What to work on >> Below is a listing; retype exactly the line with "this 1500×1334 image." and every line after it through the end, and only those, leaving out the pictures.
---
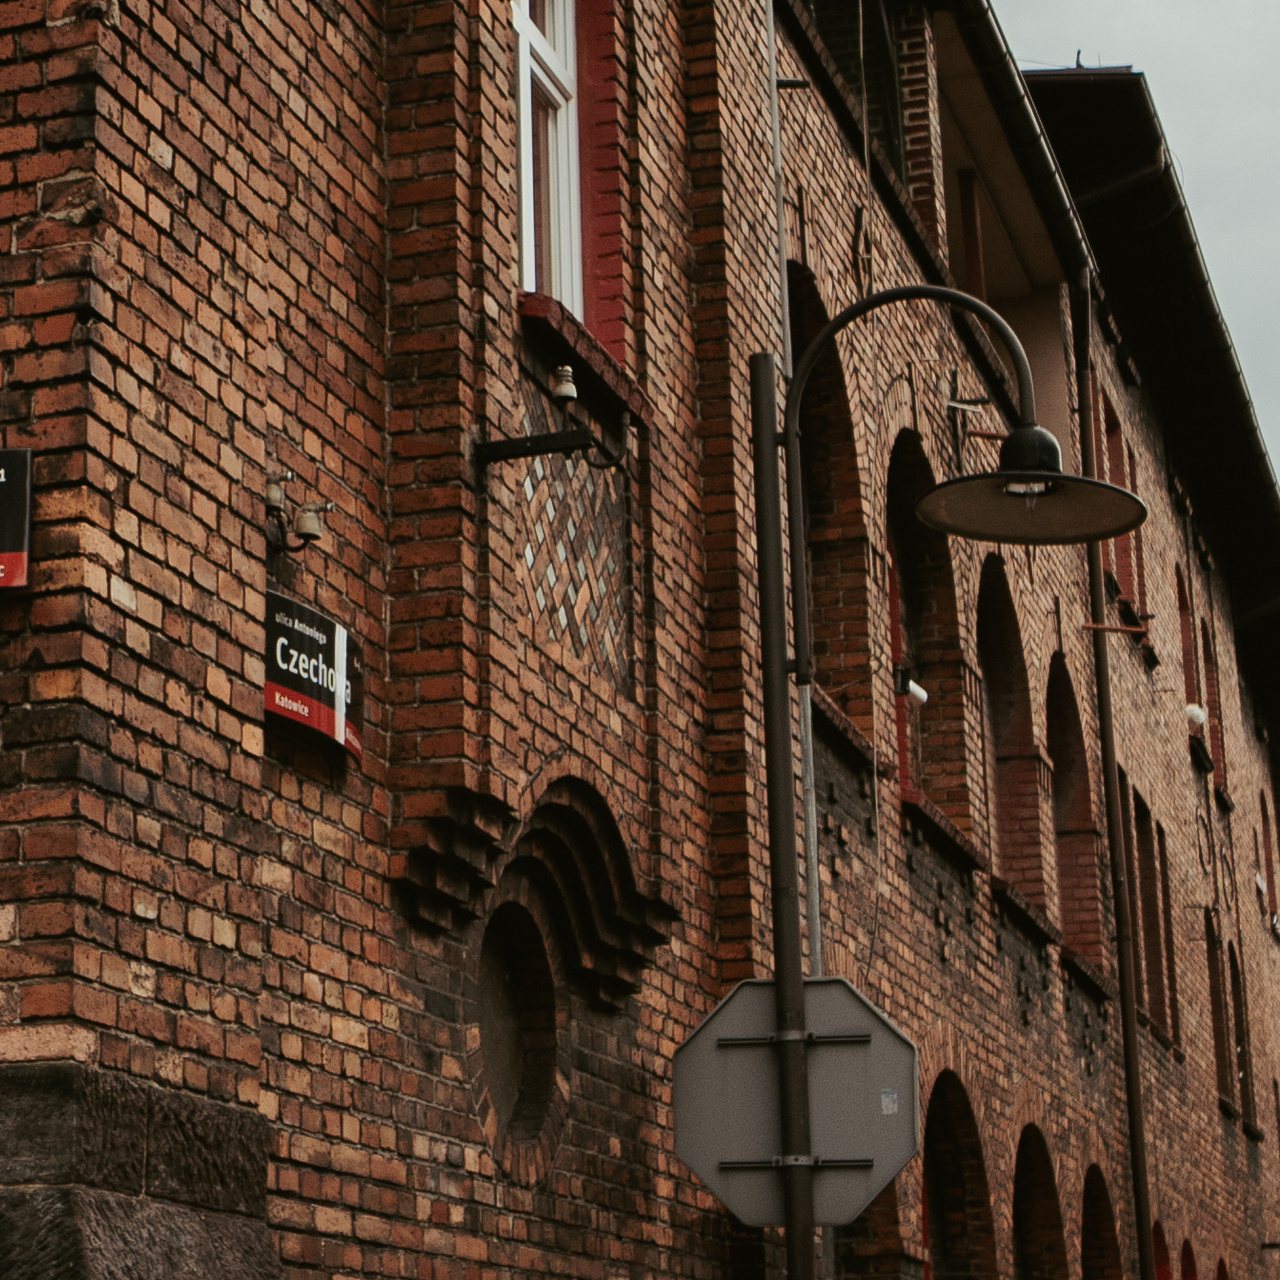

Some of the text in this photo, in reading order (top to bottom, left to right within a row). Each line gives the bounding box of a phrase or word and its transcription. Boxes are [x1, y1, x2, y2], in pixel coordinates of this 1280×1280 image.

[275, 612, 293, 628] ulica
[276, 636, 352, 704] Czechoa
[274, 691, 310, 717] Katowice
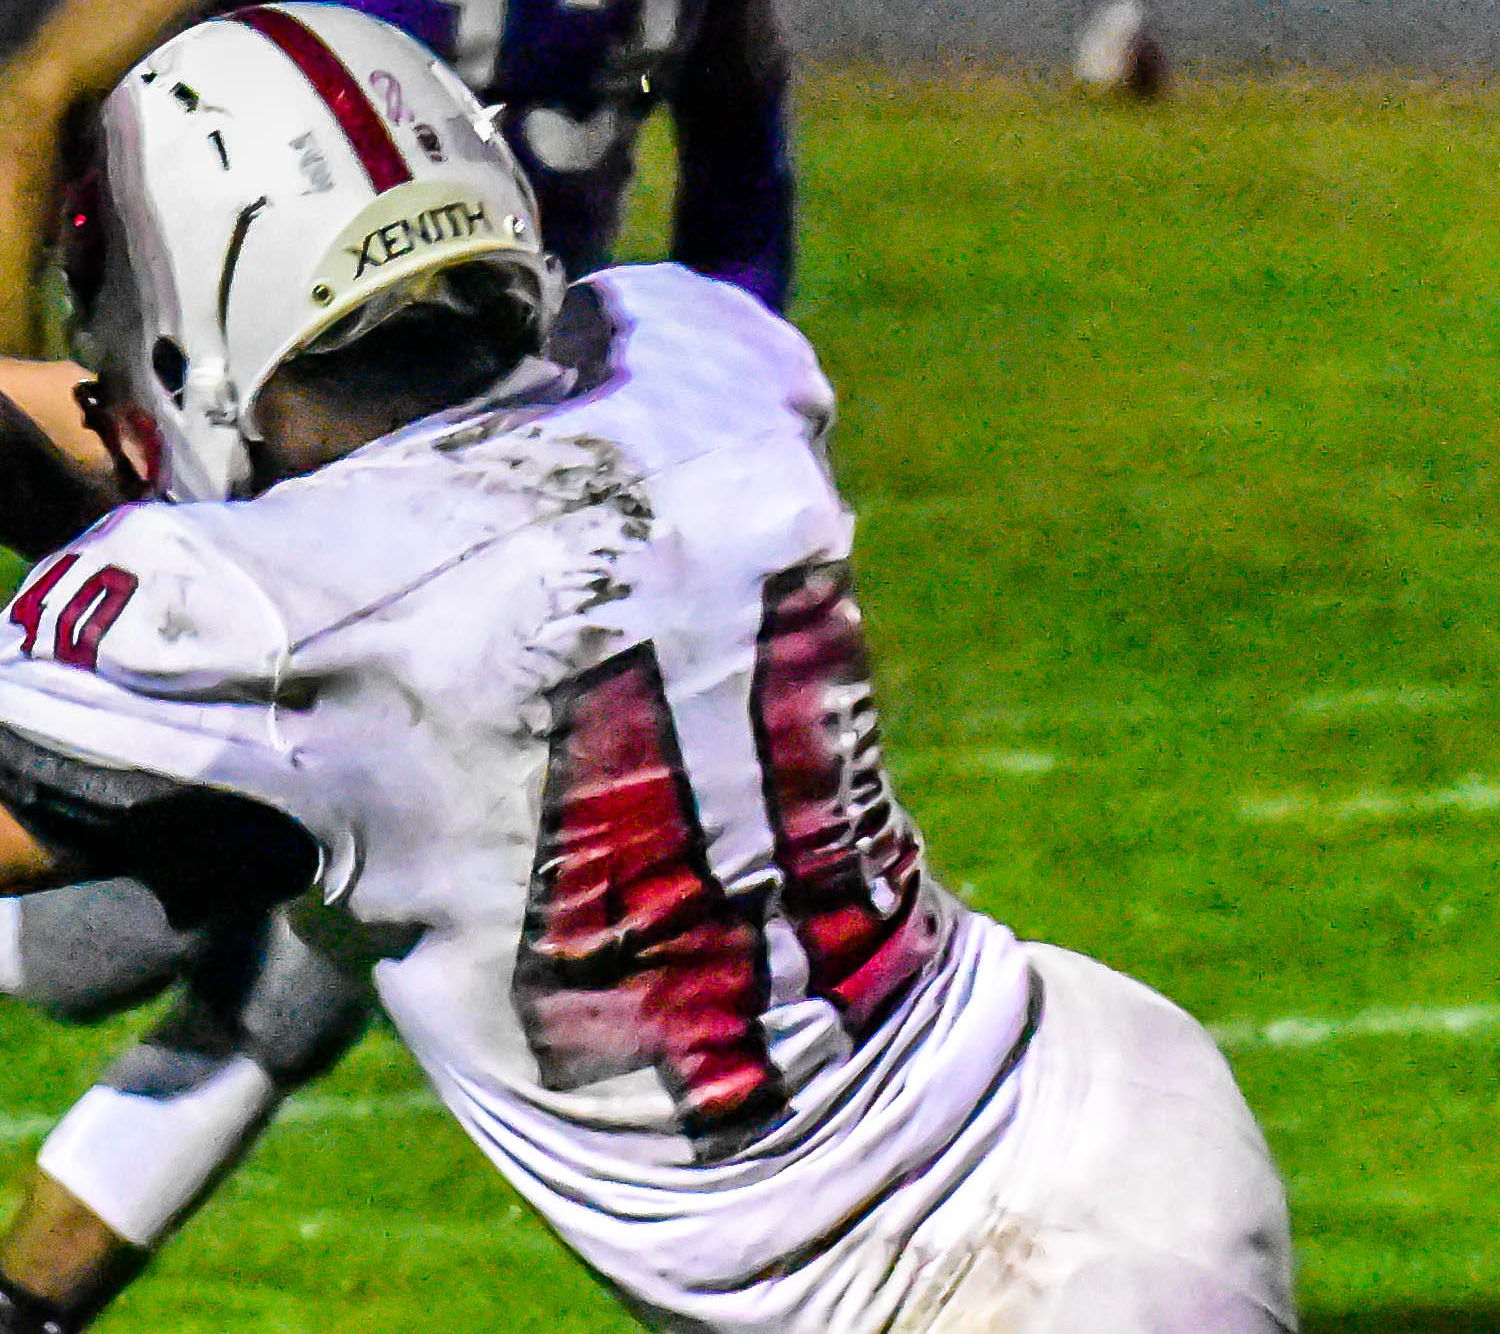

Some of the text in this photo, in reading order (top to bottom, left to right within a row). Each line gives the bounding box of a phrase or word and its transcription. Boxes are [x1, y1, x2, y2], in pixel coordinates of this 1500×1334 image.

[344, 200, 491, 281] XENITH
[9, 553, 139, 673] 40
[511, 557, 922, 1157] 40
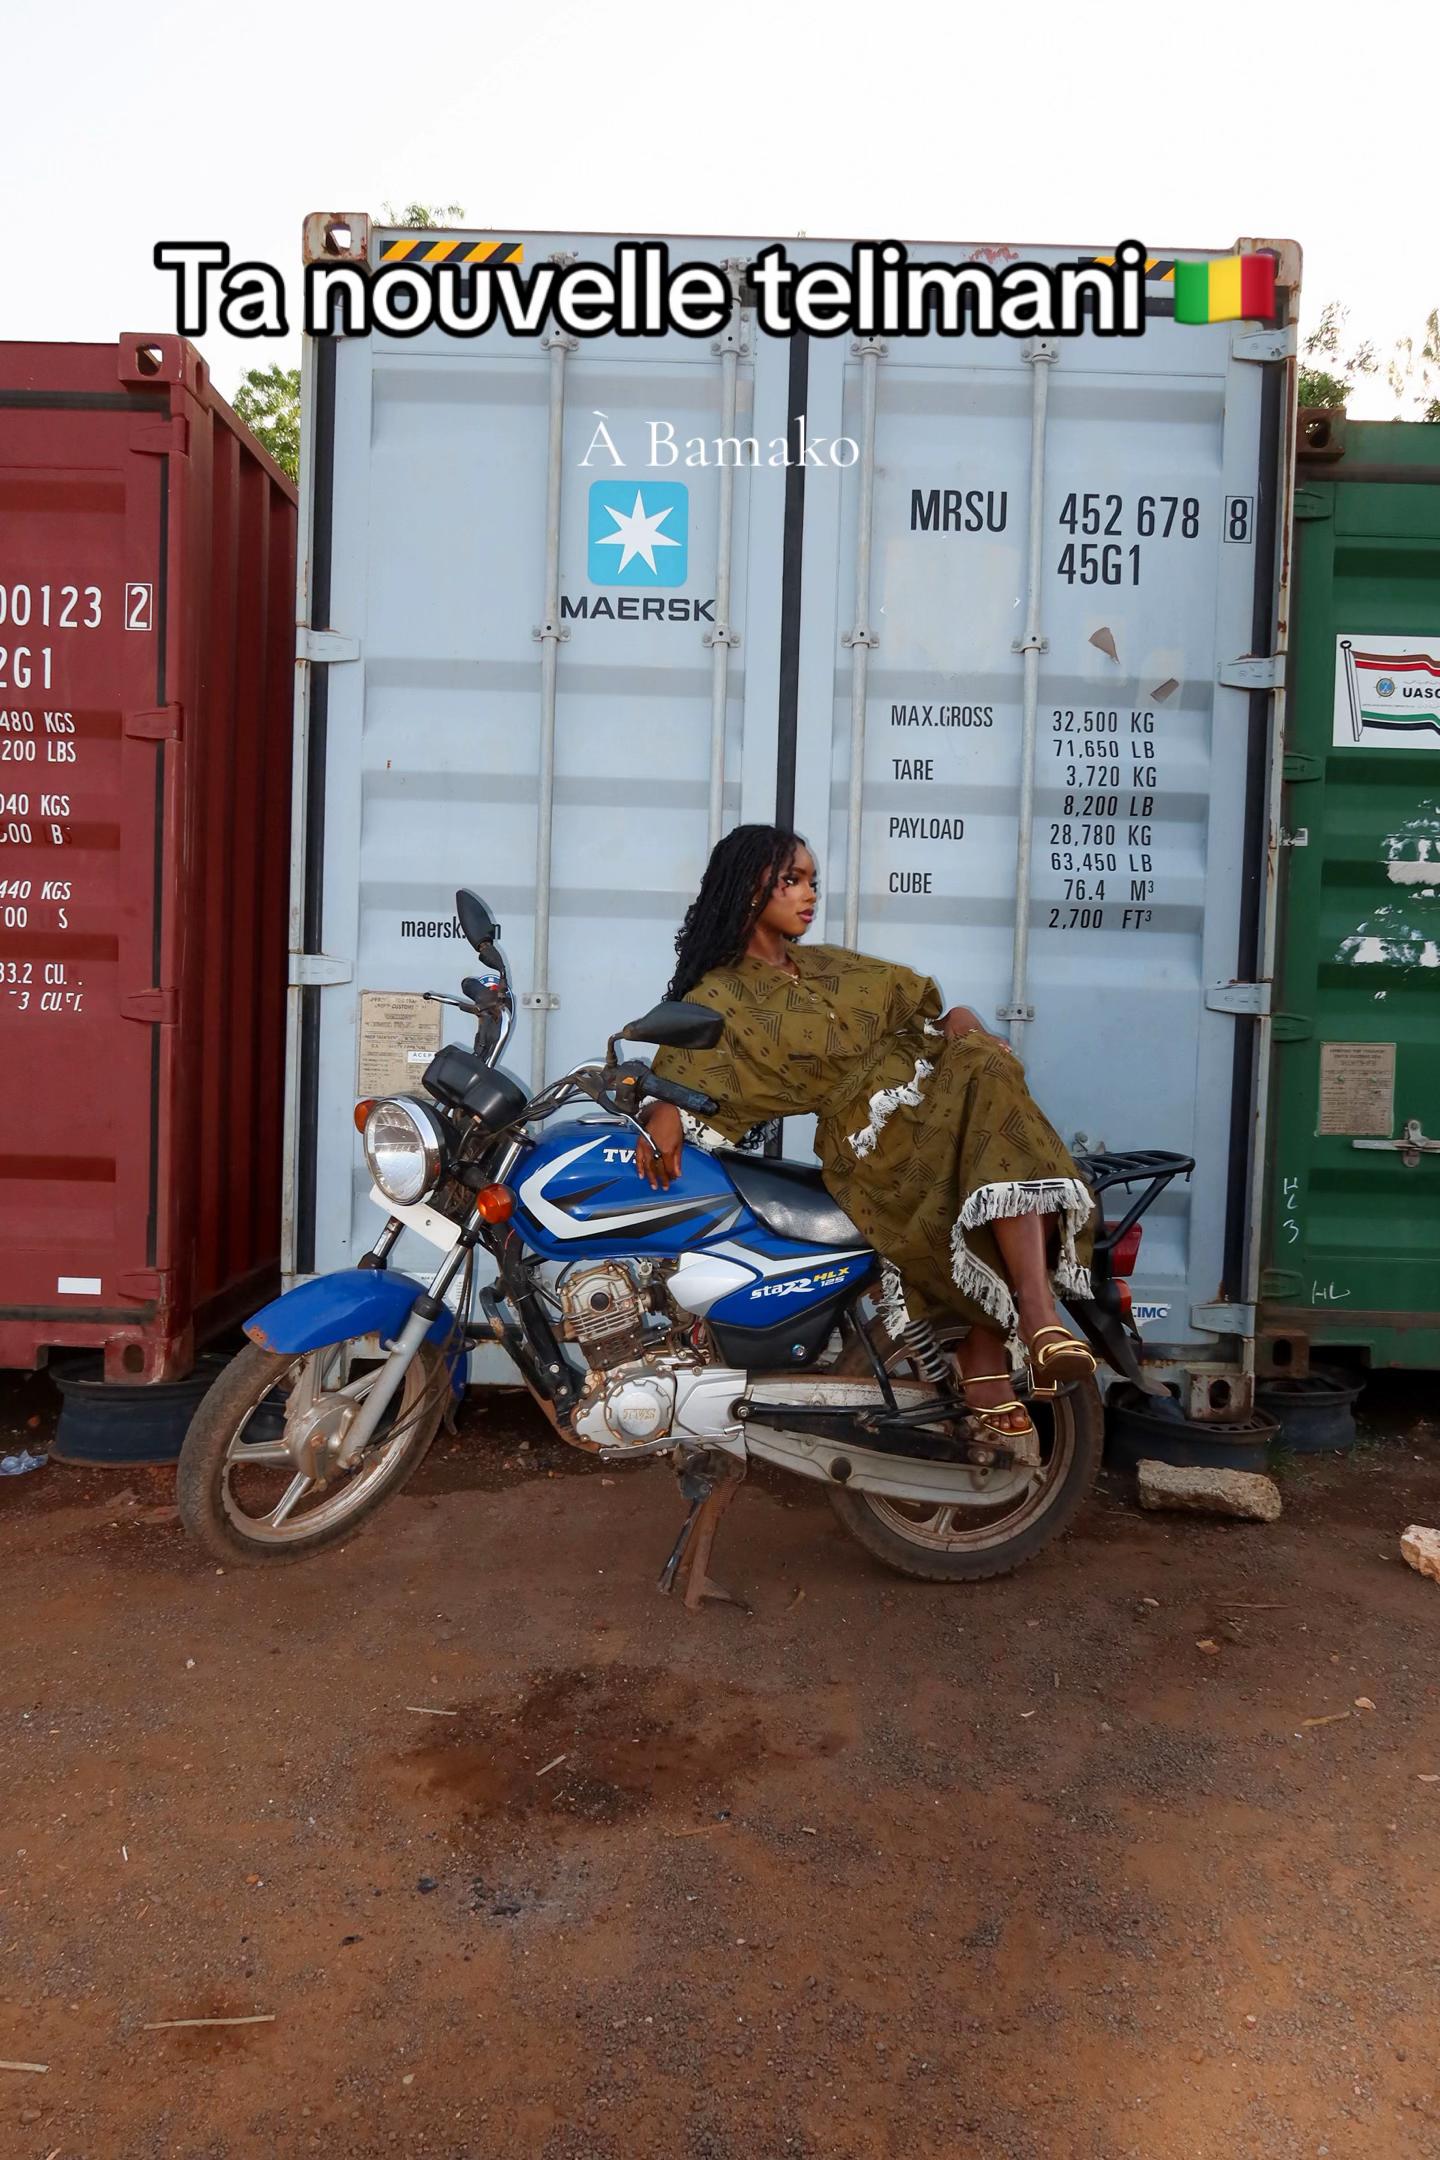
---
Problem solution >>
Some of the text in this photo, in reading order (top to bottom, left to right within a row). Each line gives the bounding box of a phrase or word and its transcription. Boxes are [x1, y1, x2, y2], in pixel coordinates of this 1500×1334 image.

[344, 200, 491, 281] XENITH
[9, 553, 139, 673] 40
[511, 557, 922, 1157] 40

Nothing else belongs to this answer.